Described biological enzyme is selected from antarctic candidia lipase A (Lipase A from Candida antarctica), candida antarctica lipase B (Lipase B from Candida antarctica), porcine pancreatic lipase (Lipase from Porcine pancreatic), candida rugosa lipase (Lipase from Candida rugosa) onion burkholderia lipase (Lipase fromBurkholderia cepacia), aspergillus niger lipase (Lipase from Aspergillus niger), thermophilic fungus lipase (Lipasefrom Thermomyces lanuginosus), the rice mould lipase of black wool (Lipase from Mucor miehei), Pig Liver Esterase (Esterase from Porcine Liver), rabbit liver esterase (Esterase from Rabbit Liver), preferred antarctic candidia lipase A (Lipase A from Candida antarctica), candida antarctica lipase B (Lipase B from Candidaantarctica), Pig Liver Esterase (Esterase from Porcine Liver) or rabbit liver esterase (Esterase from Rabbit Liver).

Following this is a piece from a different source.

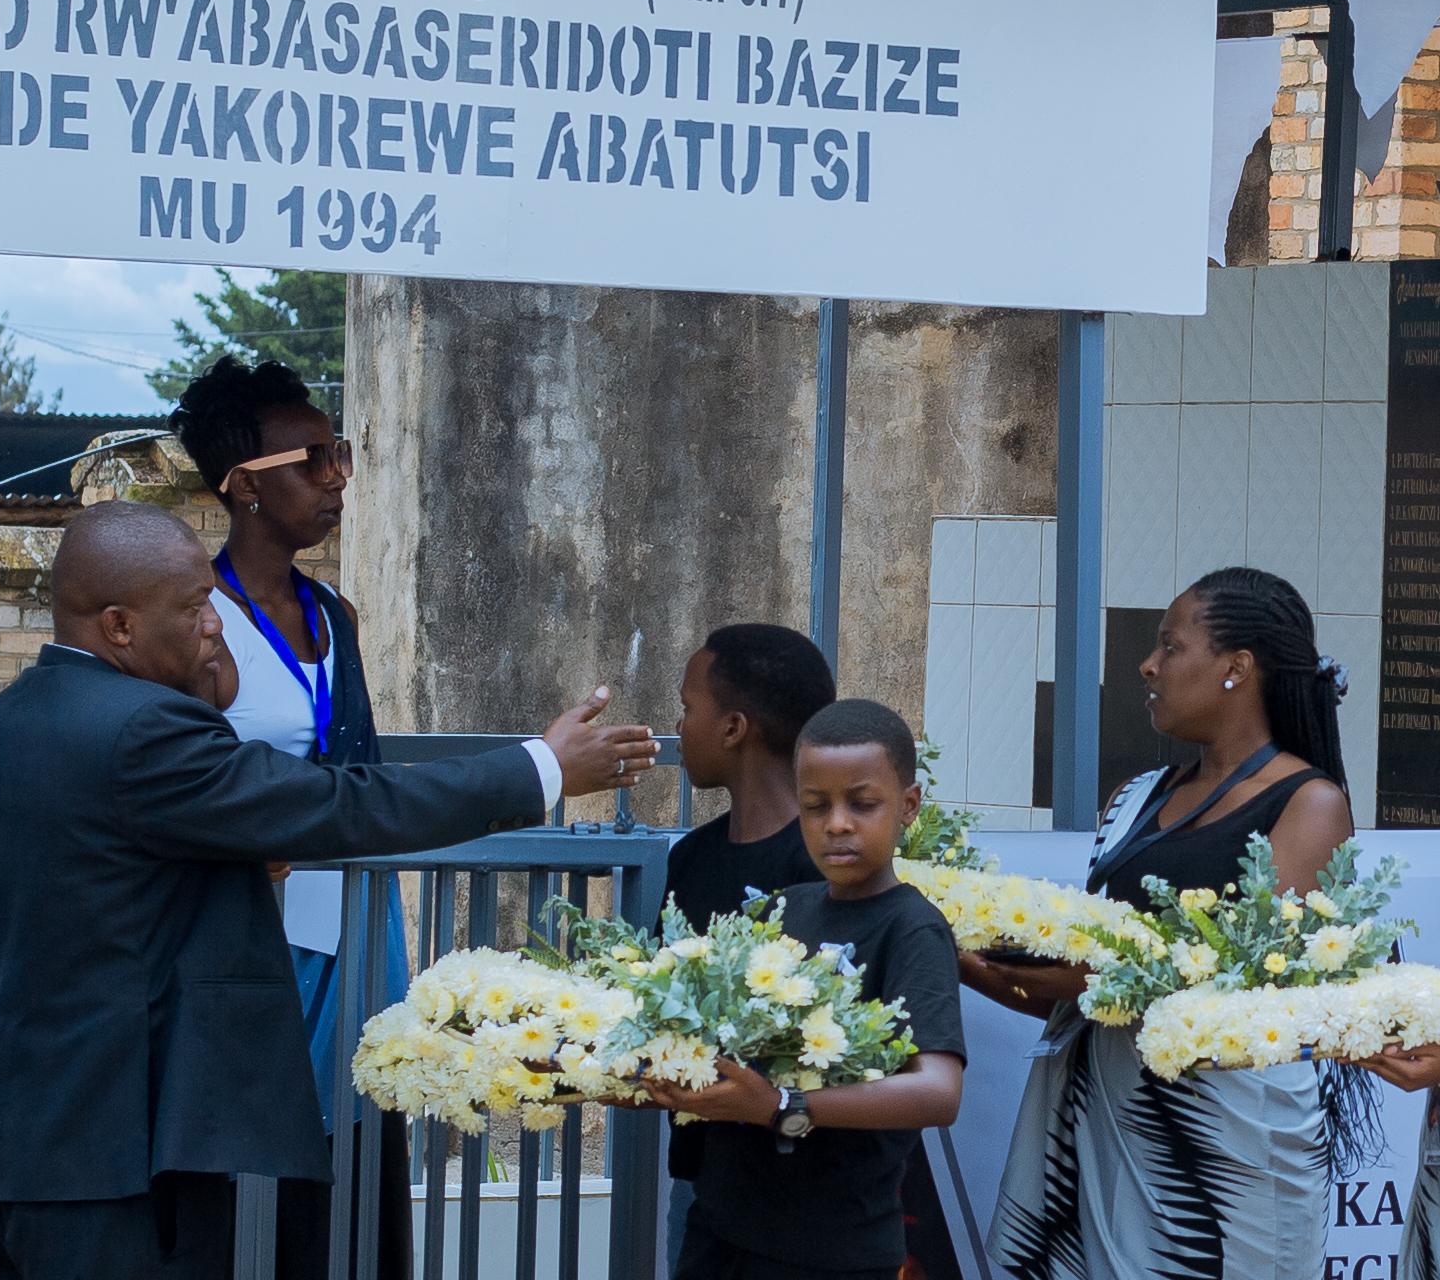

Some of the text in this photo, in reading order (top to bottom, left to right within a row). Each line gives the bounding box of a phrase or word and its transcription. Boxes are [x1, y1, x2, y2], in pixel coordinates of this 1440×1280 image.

Described formula (II) compound is 1 with the ratio of the quality of biological enzyme: 0.01-0.1, preferred 1: 0.02~0.03.
Described damping fluid is pH 6.0-8.0, the phosphate buffered saline buffer of 0.05-0.5M or pH 7.0-8.5, the Tris-HCl damping fluid of 0.05-0.5M.
Described ionic liquid is selected from [BMIm] [PF
6], [BMPy] [PF
6], [NMIm] [PF
6], [BMIm] [BF
4], [HMIm] [BF
4], [EMIm] [BF
4], [PMIm] [BF
4] or [BMIm] [NTf
2], preferred [BMIm] [PF
6], [BMPy] [PF
6] or [BMIm] [BF
4].
Described ionic liquid is 1 with the ratio of damping fluid: and 1-5 (W/V, g/ml).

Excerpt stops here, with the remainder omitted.